Damit werden auch die anstehenden technischen und reglementatorischen Änderungen in der Szene dieses Jahr nur angedeutet zu erleben sein. Immerhin hat der aufgrund der Pandemie gestrichene Winterkalender der FIA Langstrecken Weltmeisterschaft den wenigen übriggebliebenen Hypercar-Debütanten nun die nötige Atemluft gegeben um bis zum geplanten Saisonauftakt in Sebring die Autos funktionsfähig zu entwickeln. Das der ACO zudem endlich die Daytona Prototype-Idee der Shiluetten-Prototypen mehr oder weniger adaptiert hat, wird dann ab 2022 hoffentlich dem Werkssport in der WM die Bühne eröffnen die er schon seit Jahren hätte haben können. Und im kommenden Jahr werden wir zudem erleben was sich die noch an der GT3 interessierten Hersteller – es gab ja bereits erste Rückzüge – als nächste und vermutlich letzte Generation der GT3-Boliden vorstellen.

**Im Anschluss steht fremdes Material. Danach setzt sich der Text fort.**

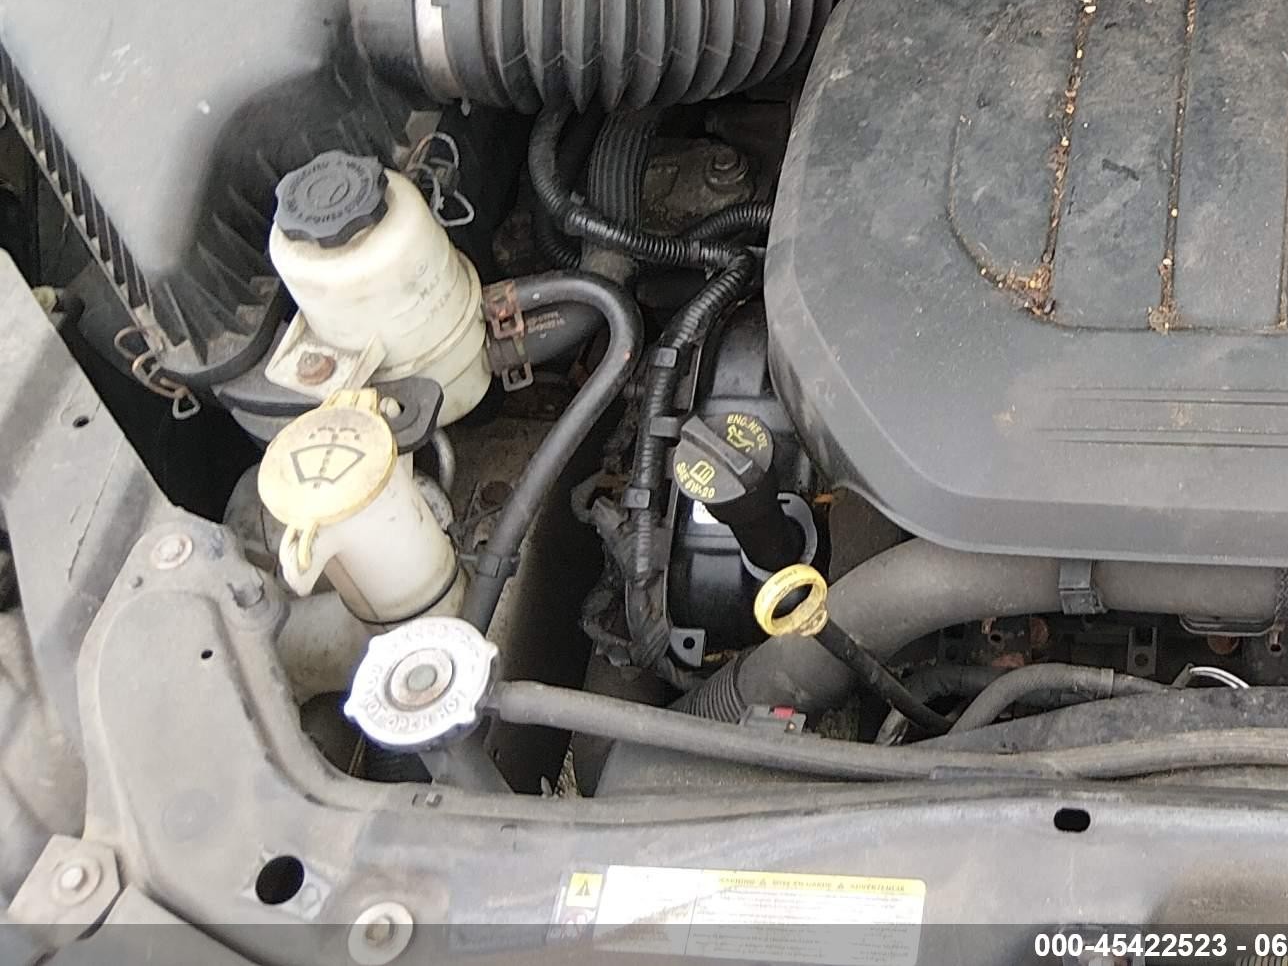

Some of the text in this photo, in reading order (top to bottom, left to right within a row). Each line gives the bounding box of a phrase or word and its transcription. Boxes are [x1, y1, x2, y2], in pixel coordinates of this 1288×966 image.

[727, 413, 768, 451] ENGINE OIL
[385, 714, 433, 731] OPEN
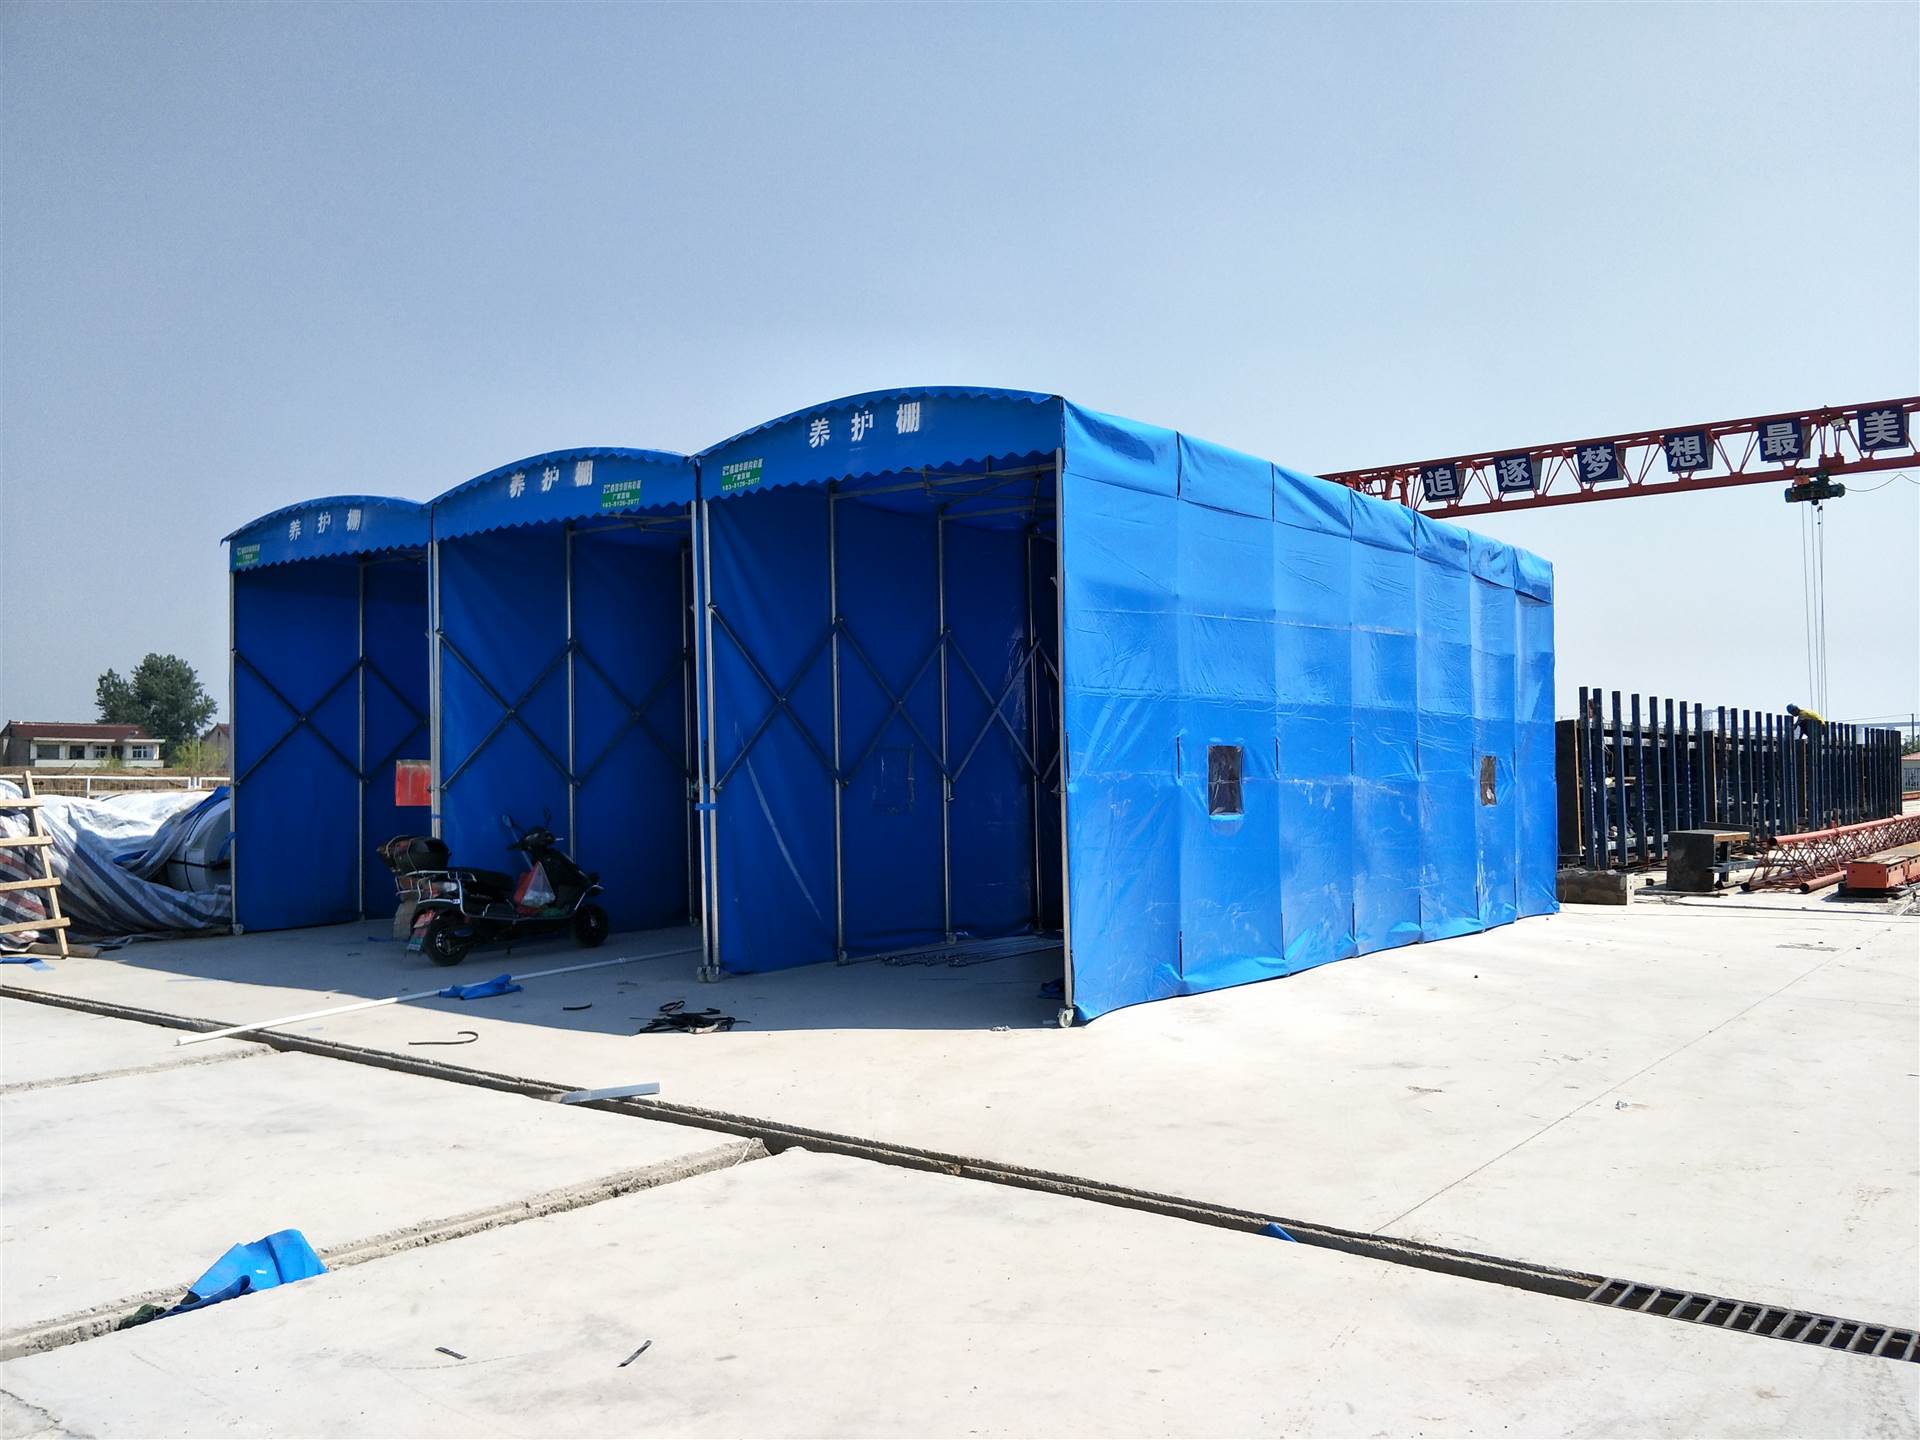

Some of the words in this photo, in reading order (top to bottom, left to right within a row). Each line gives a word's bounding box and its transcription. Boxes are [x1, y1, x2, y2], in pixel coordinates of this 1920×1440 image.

[809, 402, 920, 449] 养护棚
[509, 460, 593, 498] 养护棚
[288, 508, 362, 541] 养护棚
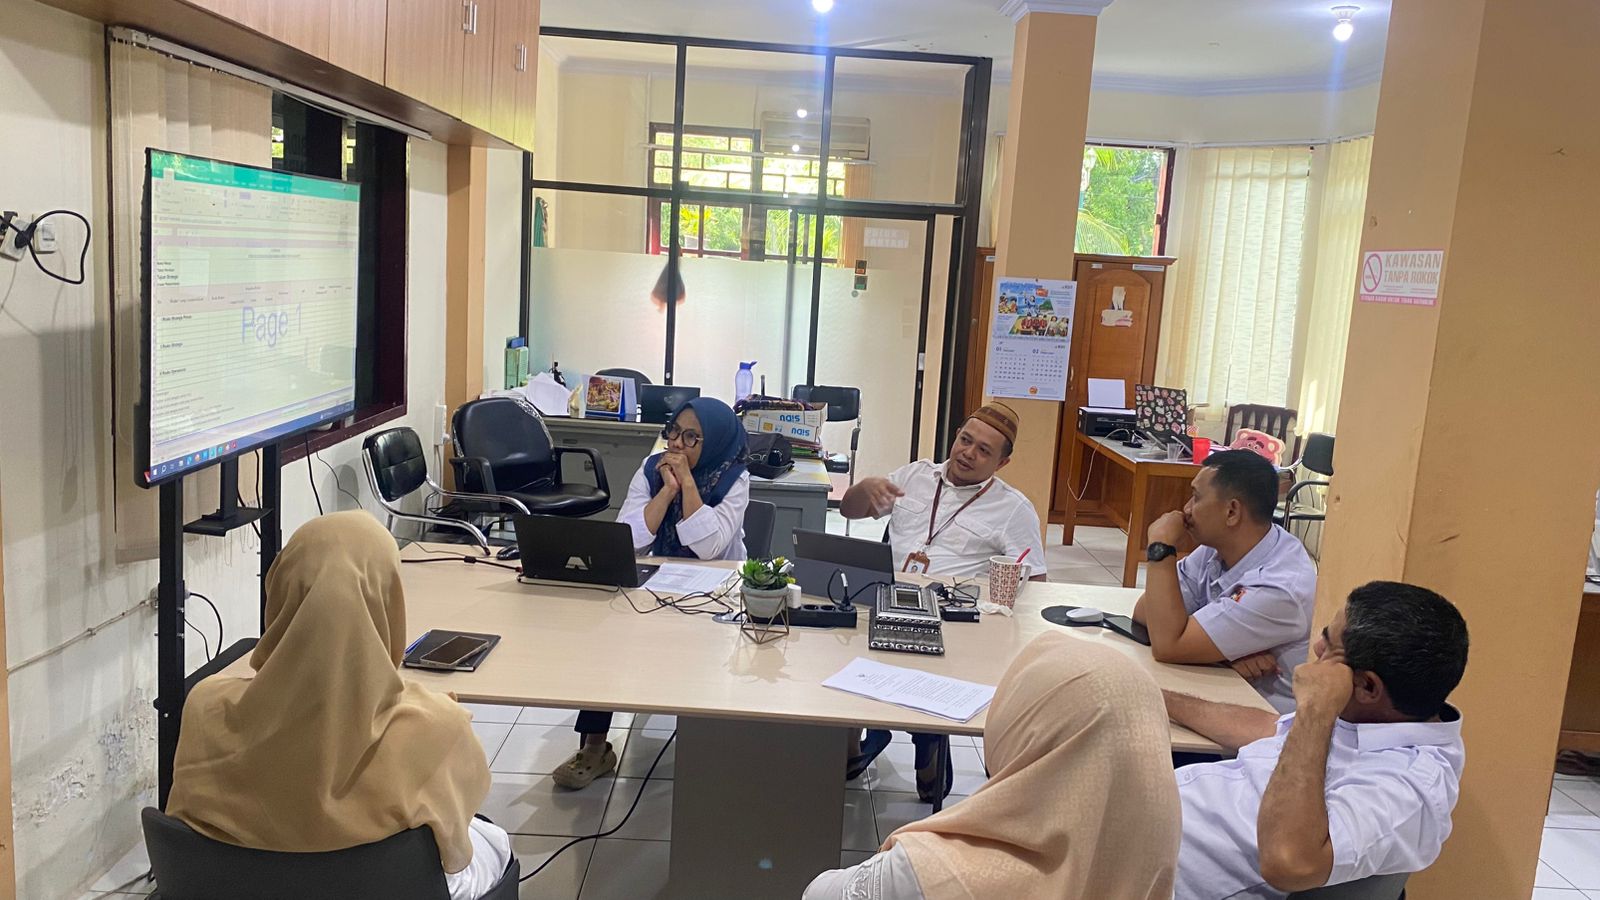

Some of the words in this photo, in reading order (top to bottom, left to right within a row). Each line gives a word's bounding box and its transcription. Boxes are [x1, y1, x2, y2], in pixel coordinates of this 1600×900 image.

[1385, 253, 1442, 269] KAWASAN
[1384, 270, 1409, 282] TANPA
[1410, 271, 1438, 284] ROKOK
[242, 306, 288, 348] Page
[295, 303, 302, 336] 1
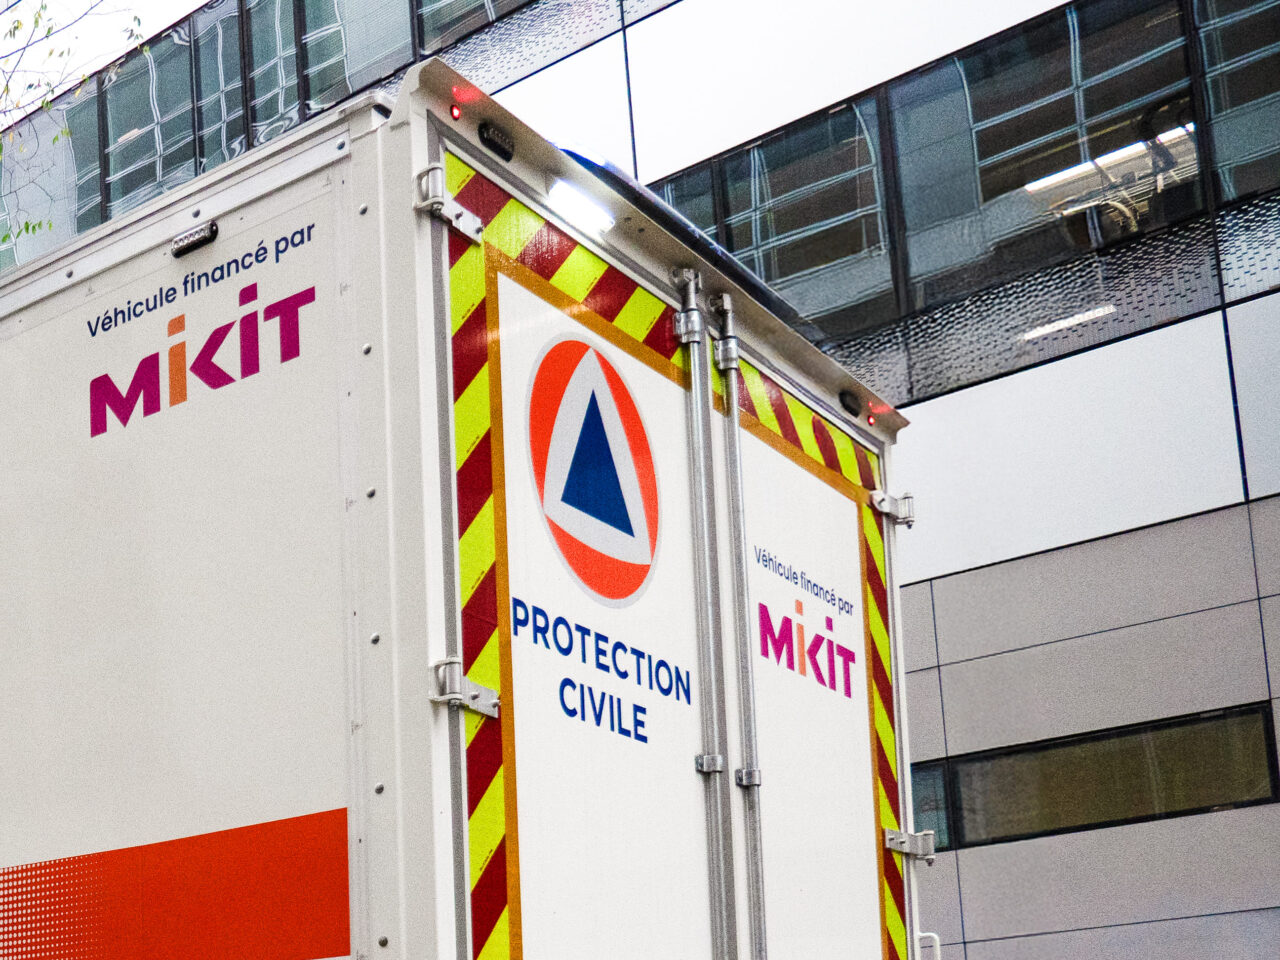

Denn hinter dem Horizont lauert schon der nächste Umbruch: neben der Pandemie, lastet auch der emissionsreduzierte Umbau des Mobilitätsangebotes als dringende Herausforderung auf den Automobilherstellern – und der lässt sich mit Vehikeln die weiterhin 45l/100km verbrauchen (man berechne Tankinhalte und Reichweiten der derzeit gebräuchlichen GT3-Boliden um diesen Wert zu verifizieren) nicht mehr marketingtechnisch vermitteln. Der ACO hatte schon vor Jahren erkannt das eine effiziente Energienutzung der Schlüssel für eine zukunftsträchtige Motorsportformel sein muss – freilich ohne diesem Prinzip konsequent zum Durchbruch zu verhelfen - man vergleiche die Verbräuche der LMP2 vor 20 Jahren und jetzt mal mit dem Level der GT3.
Die FIA ist da schon einen Schritt weiter und treibt aus diesem Grund die Einrichtung einer Electric GT-Plattform voran, auf deren erste Rennen wir aber noch ein wenig warten werden müssen. Der Motorsport wird sich wandeln – ob aufgrund der Pandemie langsamer (wegen nicht mehr so freigiebig sprudelnder Werksbudgets) oder schneller (wegen wachsendem legislativen Druck auf die Hersteller und ihre Marketingabteilungen) wird die Zukunft zeigen.
Uns sollten die damit verbundenen Begleitaspekte egal sein, solange spektakulärer Sport weitergeführt werden kann. Viel wichtiger wäre ein anderer Punkt: das der Verlauf der Pandemie es uns als Fans mal wieder erlaubt sich wie früher zu Mehreren Gleichgesinnten an der Strecke zu treffen und ohne Bedenken vor gesundheitlichen Folgen bei einem Bier (oder 2-3 oder 4....) über vergangene, jetzige und zukünftige Tage zu fachsimpeln. Das ist der Aspekt der alle Verschiebungen, Absagen, Rückzüge usw. in den Hintergrund treten lässt und von dem wir weiter optimistisch hoffen das er sich eher früher wie später realisieren lässt.
In diesem Sinne wünschen wir allen Lesern vom gesamten GT-Eins-Team ein vor allem erst mal gesundes 2021. Passt auf euch auf, damit wir die Rückkehr zur Geselligkeit vielleicht schon Mitte der kommenden Saison, aber auf jeden Fall 2022 erleben dürfen. Hier findet ihr auf jeden Fall auch nächstes Jahr ein Forum und eine informative Anlaufstelle für alle Sportwagenfans.